WORK INSTRUCTION :: In the copy of these records, include no pictures and change nothing else.

╔══

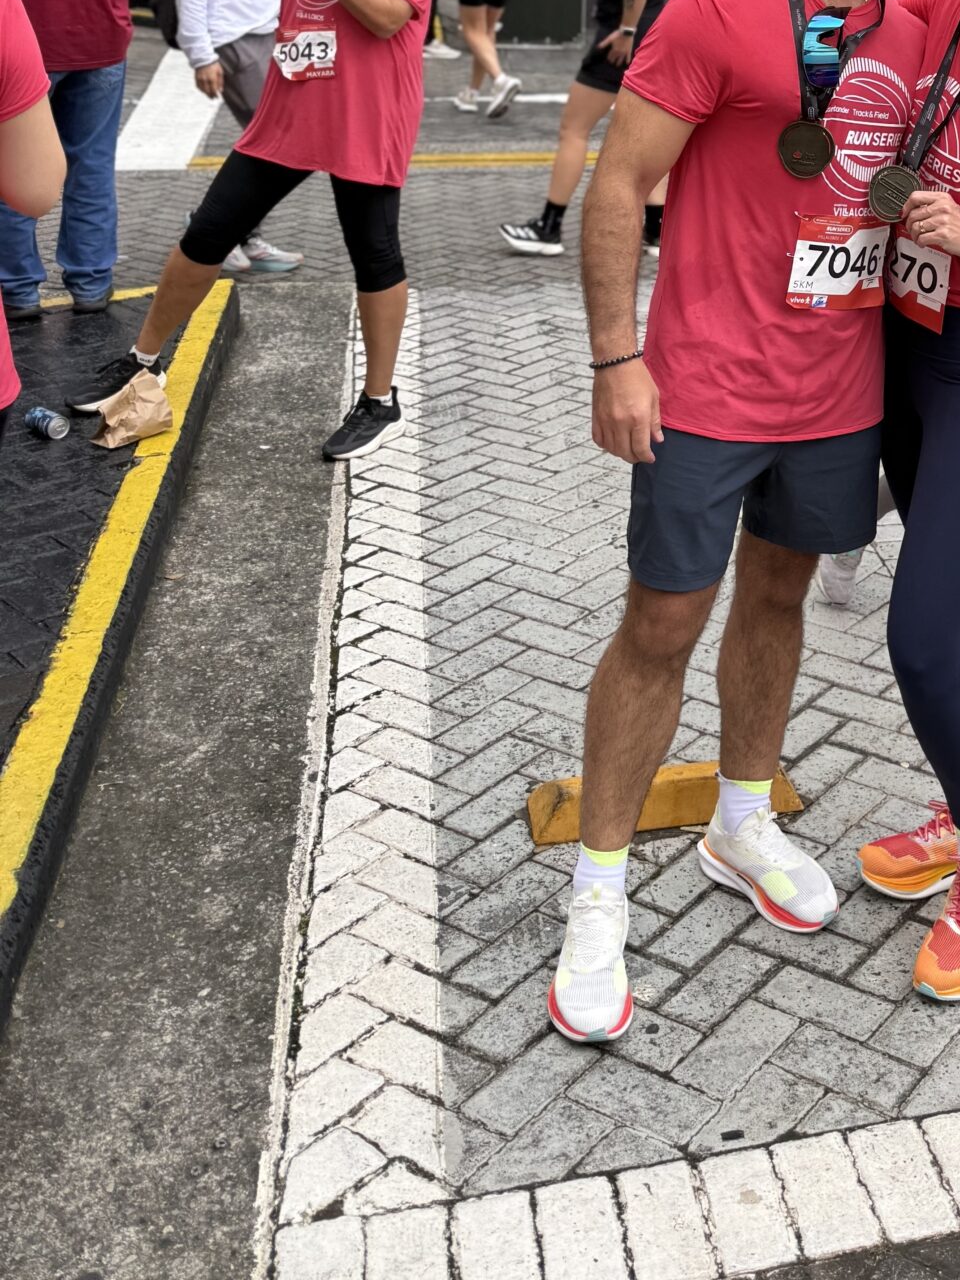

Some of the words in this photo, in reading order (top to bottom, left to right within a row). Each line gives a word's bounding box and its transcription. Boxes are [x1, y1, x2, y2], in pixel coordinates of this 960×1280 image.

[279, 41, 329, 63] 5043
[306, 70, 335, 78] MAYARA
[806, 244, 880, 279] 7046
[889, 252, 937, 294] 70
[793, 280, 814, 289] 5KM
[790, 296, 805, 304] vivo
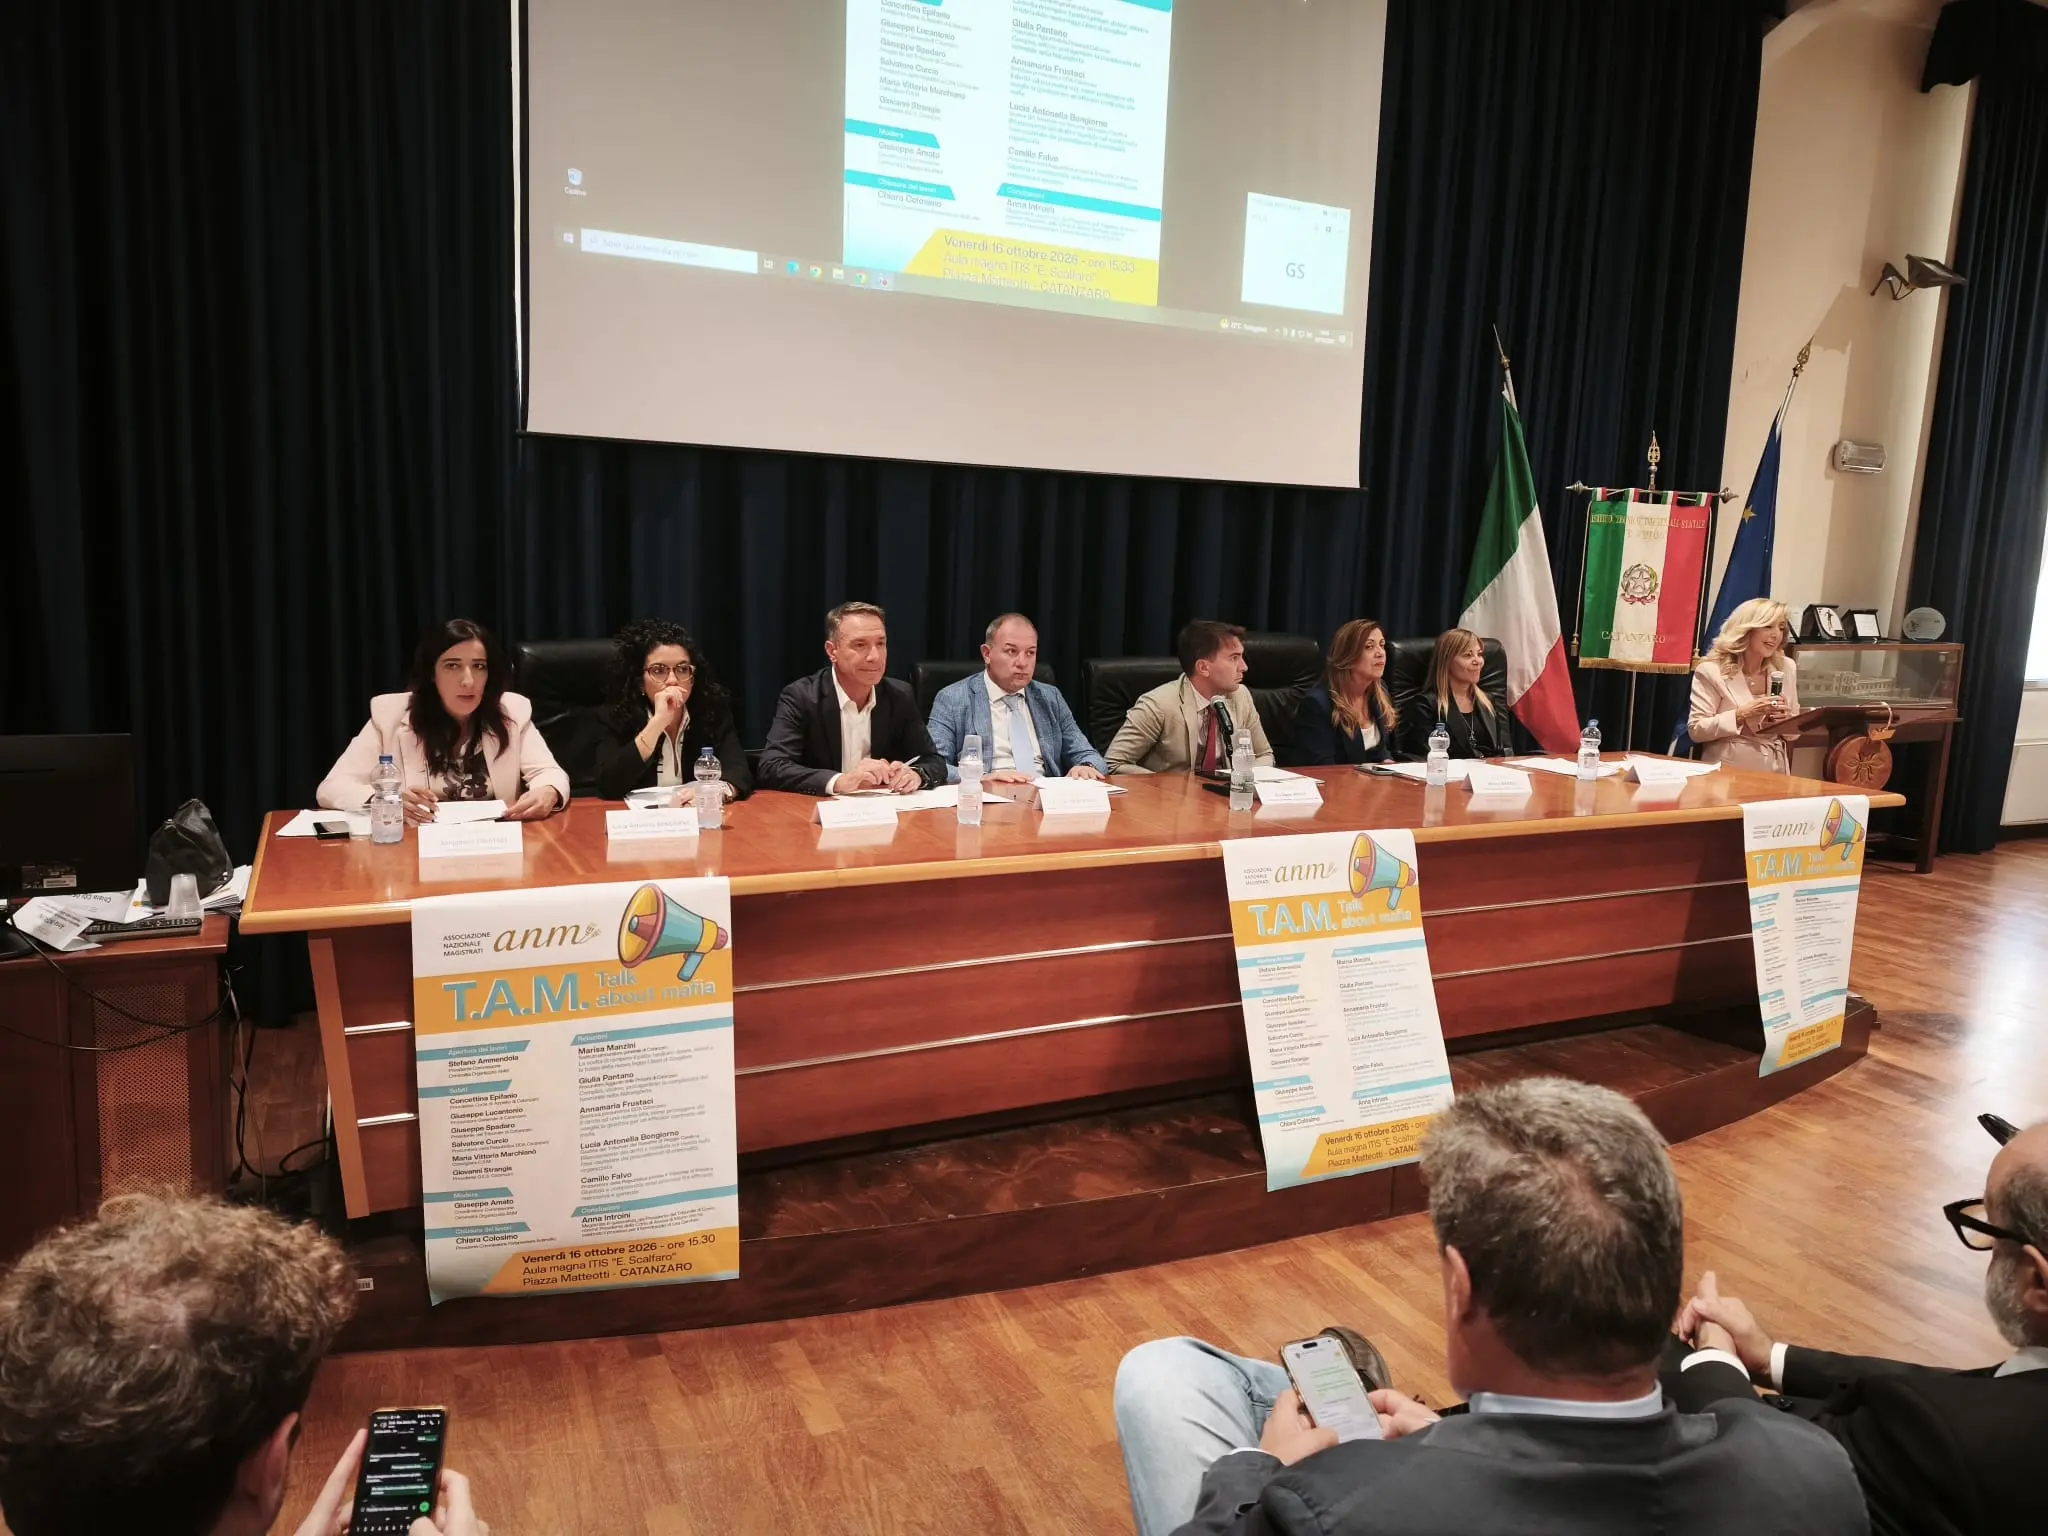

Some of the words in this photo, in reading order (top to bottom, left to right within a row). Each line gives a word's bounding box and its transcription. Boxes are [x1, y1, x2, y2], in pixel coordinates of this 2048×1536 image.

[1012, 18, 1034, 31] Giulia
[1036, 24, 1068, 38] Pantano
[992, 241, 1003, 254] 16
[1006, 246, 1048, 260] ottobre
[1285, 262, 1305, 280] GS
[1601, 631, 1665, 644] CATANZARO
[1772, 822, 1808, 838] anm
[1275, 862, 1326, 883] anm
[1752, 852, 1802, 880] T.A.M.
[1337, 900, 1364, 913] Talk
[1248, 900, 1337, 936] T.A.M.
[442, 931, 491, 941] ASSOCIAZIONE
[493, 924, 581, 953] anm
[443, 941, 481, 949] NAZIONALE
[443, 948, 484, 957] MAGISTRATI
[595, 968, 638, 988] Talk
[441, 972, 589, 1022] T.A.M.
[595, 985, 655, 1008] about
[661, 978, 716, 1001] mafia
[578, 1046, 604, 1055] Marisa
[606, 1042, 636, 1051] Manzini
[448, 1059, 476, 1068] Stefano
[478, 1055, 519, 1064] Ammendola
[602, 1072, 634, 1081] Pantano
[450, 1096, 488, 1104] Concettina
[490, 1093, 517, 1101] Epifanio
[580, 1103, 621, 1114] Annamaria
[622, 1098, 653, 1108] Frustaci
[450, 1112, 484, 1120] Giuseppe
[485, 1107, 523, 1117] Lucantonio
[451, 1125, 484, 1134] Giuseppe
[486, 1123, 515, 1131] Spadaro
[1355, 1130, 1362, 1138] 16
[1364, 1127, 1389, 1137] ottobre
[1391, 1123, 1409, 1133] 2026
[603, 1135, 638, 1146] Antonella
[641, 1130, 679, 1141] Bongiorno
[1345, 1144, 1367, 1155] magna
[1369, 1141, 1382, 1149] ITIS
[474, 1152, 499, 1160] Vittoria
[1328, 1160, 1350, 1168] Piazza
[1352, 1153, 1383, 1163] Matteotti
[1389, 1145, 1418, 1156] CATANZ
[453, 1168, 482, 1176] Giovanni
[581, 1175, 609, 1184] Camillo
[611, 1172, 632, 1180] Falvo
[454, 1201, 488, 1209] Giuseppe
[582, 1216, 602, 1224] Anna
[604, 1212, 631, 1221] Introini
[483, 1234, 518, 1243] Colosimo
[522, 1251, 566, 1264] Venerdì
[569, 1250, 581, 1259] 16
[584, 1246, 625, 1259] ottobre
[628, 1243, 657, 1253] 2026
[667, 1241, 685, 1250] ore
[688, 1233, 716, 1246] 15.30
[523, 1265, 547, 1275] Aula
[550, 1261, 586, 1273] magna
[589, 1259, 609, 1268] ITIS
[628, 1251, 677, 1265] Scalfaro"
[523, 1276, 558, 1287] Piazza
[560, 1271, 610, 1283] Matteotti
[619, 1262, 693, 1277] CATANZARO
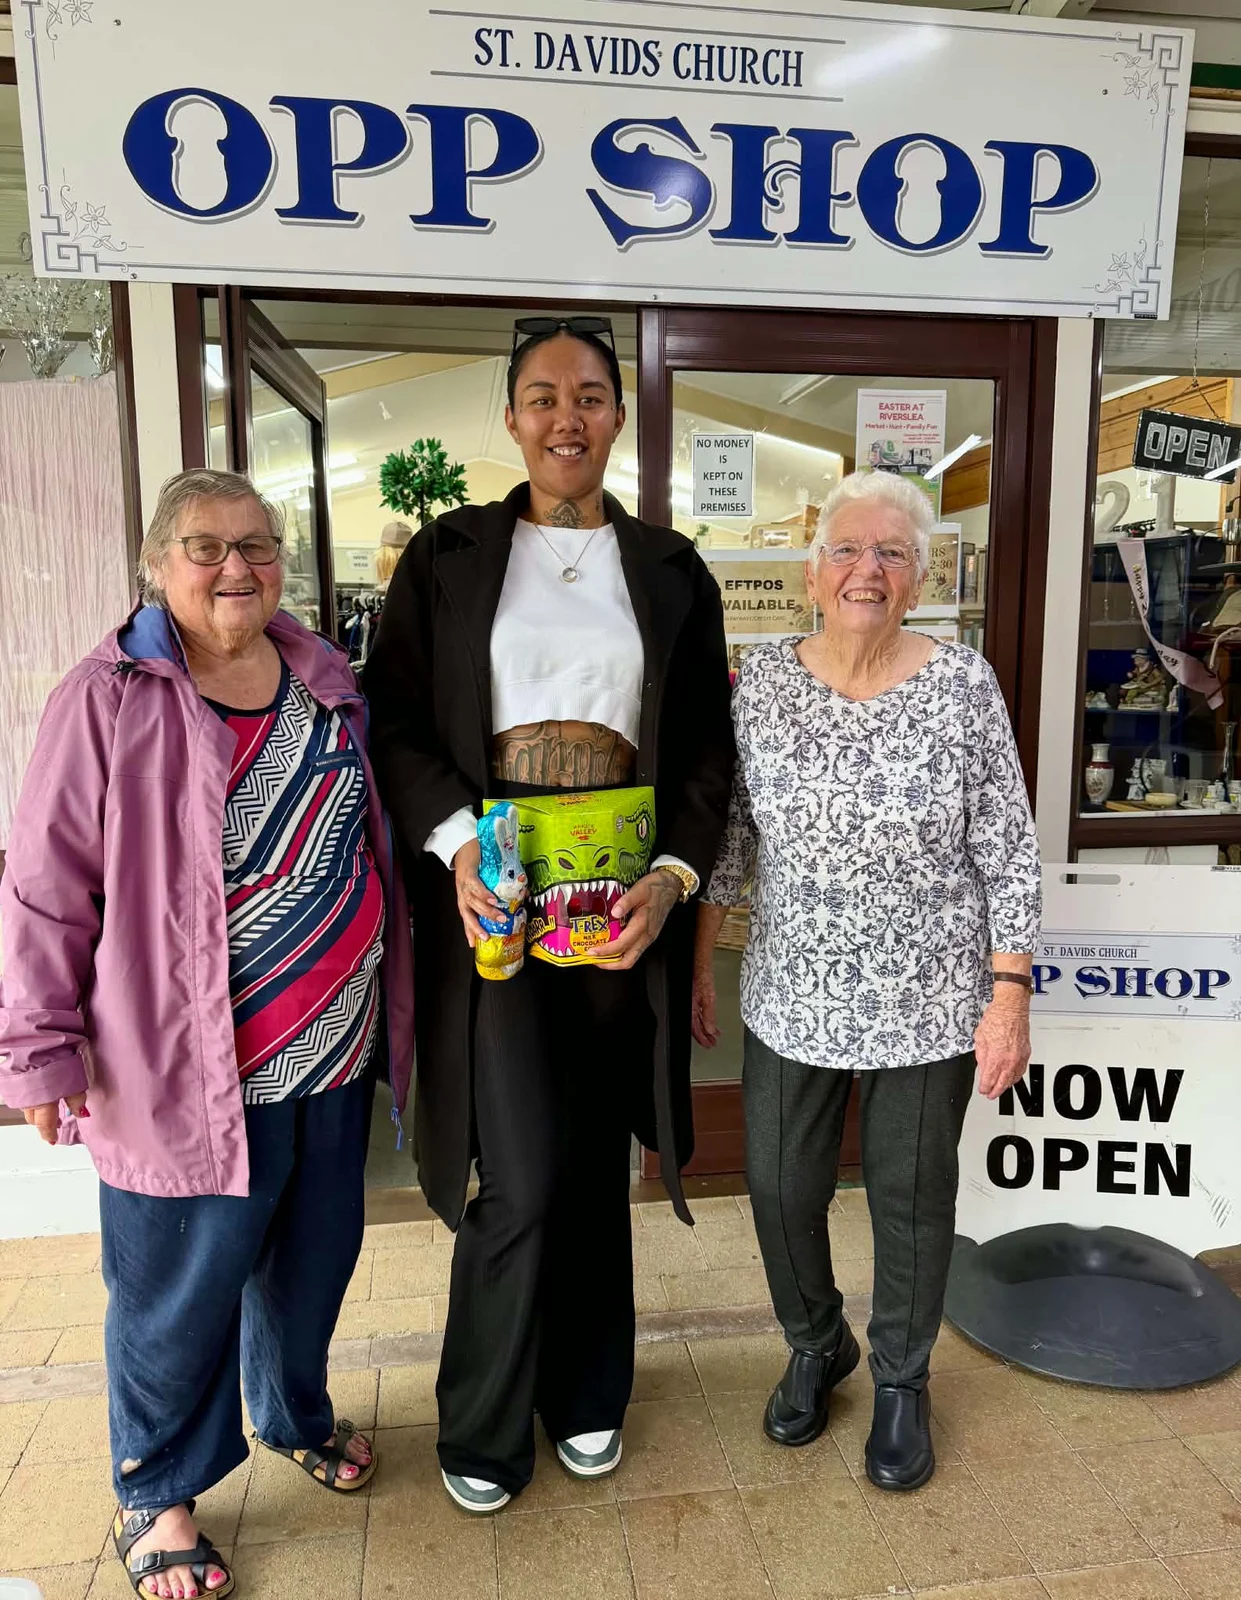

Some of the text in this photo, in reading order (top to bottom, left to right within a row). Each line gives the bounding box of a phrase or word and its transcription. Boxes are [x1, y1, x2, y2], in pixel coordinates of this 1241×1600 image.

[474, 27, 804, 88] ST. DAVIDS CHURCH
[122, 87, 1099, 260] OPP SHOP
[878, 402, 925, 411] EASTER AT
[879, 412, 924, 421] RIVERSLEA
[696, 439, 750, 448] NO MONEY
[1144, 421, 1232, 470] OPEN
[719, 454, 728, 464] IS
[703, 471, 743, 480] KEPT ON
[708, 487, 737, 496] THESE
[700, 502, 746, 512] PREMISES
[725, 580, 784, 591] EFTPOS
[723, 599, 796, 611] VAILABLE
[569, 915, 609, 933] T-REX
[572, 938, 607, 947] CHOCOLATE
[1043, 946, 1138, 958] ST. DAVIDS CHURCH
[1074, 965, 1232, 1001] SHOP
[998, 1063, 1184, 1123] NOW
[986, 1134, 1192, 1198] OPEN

╚══

EXERCISE RESULT ::
Some of the words in this photo, in reading order (top to bottom, left to right within a row). Each line gives a word's bounding box and its transcription. Boxes are [x1, y1, x2, y2], in pixel coordinates of this 960×1280 image.

[279, 41, 329, 63] 5043
[306, 70, 335, 78] MAYARA
[806, 244, 880, 279] 7046
[889, 252, 937, 294] 70
[793, 280, 814, 289] 5KM
[790, 296, 805, 304] vivo

Some of the words in this photo, in reading order (top to bottom, left to right within a row). Each line gives a word's bounding box and its transcription. Boxes are [x1, y1, x2, y2], in pixel coordinates of this 2048×1536 image.

[1012, 18, 1034, 31] Giulia
[1036, 24, 1068, 38] Pantano
[992, 241, 1003, 254] 16
[1006, 246, 1048, 260] ottobre
[1285, 262, 1305, 280] GS
[1601, 631, 1665, 644] CATANZARO
[1772, 822, 1808, 838] anm
[1275, 862, 1326, 883] anm
[1752, 852, 1802, 880] T.A.M.
[1337, 900, 1364, 913] Talk
[1248, 900, 1337, 936] T.A.M.
[442, 931, 491, 941] ASSOCIAZIONE
[493, 924, 581, 953] anm
[443, 941, 481, 949] NAZIONALE
[443, 948, 484, 957] MAGISTRATI
[595, 968, 638, 988] Talk
[441, 972, 589, 1022] T.A.M.
[595, 985, 655, 1008] about
[661, 978, 716, 1001] mafia
[578, 1046, 604, 1055] Marisa
[606, 1042, 636, 1051] Manzini
[448, 1059, 476, 1068] Stefano
[478, 1055, 519, 1064] Ammendola
[602, 1072, 634, 1081] Pantano
[450, 1096, 488, 1104] Concettina
[490, 1093, 517, 1101] Epifanio
[580, 1103, 621, 1114] Annamaria
[622, 1098, 653, 1108] Frustaci
[450, 1112, 484, 1120] Giuseppe
[485, 1107, 523, 1117] Lucantonio
[451, 1125, 484, 1134] Giuseppe
[486, 1123, 515, 1131] Spadaro
[1355, 1130, 1362, 1138] 16
[1364, 1127, 1389, 1137] ottobre
[1391, 1123, 1409, 1133] 2026
[603, 1135, 638, 1146] Antonella
[641, 1130, 679, 1141] Bongiorno
[1345, 1144, 1367, 1155] magna
[1369, 1141, 1382, 1149] ITIS
[474, 1152, 499, 1160] Vittoria
[1328, 1160, 1350, 1168] Piazza
[1352, 1153, 1383, 1163] Matteotti
[1389, 1145, 1418, 1156] CATANZ
[453, 1168, 482, 1176] Giovanni
[581, 1175, 609, 1184] Camillo
[611, 1172, 632, 1180] Falvo
[454, 1201, 488, 1209] Giuseppe
[582, 1216, 602, 1224] Anna
[604, 1212, 631, 1221] Introini
[483, 1234, 518, 1243] Colosimo
[522, 1251, 566, 1264] Venerdì
[569, 1250, 581, 1259] 16
[584, 1246, 625, 1259] ottobre
[628, 1243, 657, 1253] 2026
[667, 1241, 685, 1250] ore
[688, 1233, 716, 1246] 15.30
[523, 1265, 547, 1275] Aula
[550, 1261, 586, 1273] magna
[589, 1259, 609, 1268] ITIS
[628, 1251, 677, 1265] Scalfaro"
[523, 1276, 558, 1287] Piazza
[560, 1271, 610, 1283] Matteotti
[619, 1262, 693, 1277] CATANZARO

Some of the text in this photo, in reading order (top to bottom, left to right within a row). Each line gives the bounding box of a phrase or word and its transcription. Boxes are [x1, y1, x2, y2], in pixel coordinates of this 1241×1600 image.

[474, 27, 804, 88] ST. DAVIDS CHURCH
[122, 87, 1099, 260] OPP SHOP
[878, 402, 925, 411] EASTER AT
[879, 412, 924, 421] RIVERSLEA
[696, 439, 750, 448] NO MONEY
[1144, 421, 1232, 470] OPEN
[719, 454, 728, 464] IS
[703, 471, 743, 480] KEPT ON
[708, 487, 737, 496] THESE
[700, 502, 746, 512] PREMISES
[725, 580, 784, 591] EFTPOS
[723, 599, 796, 611] VAILABLE
[569, 915, 609, 933] T-REX
[572, 938, 607, 947] CHOCOLATE
[1043, 946, 1138, 958] ST. DAVIDS CHURCH
[1074, 965, 1232, 1001] SHOP
[998, 1063, 1184, 1123] NOW
[986, 1134, 1192, 1198] OPEN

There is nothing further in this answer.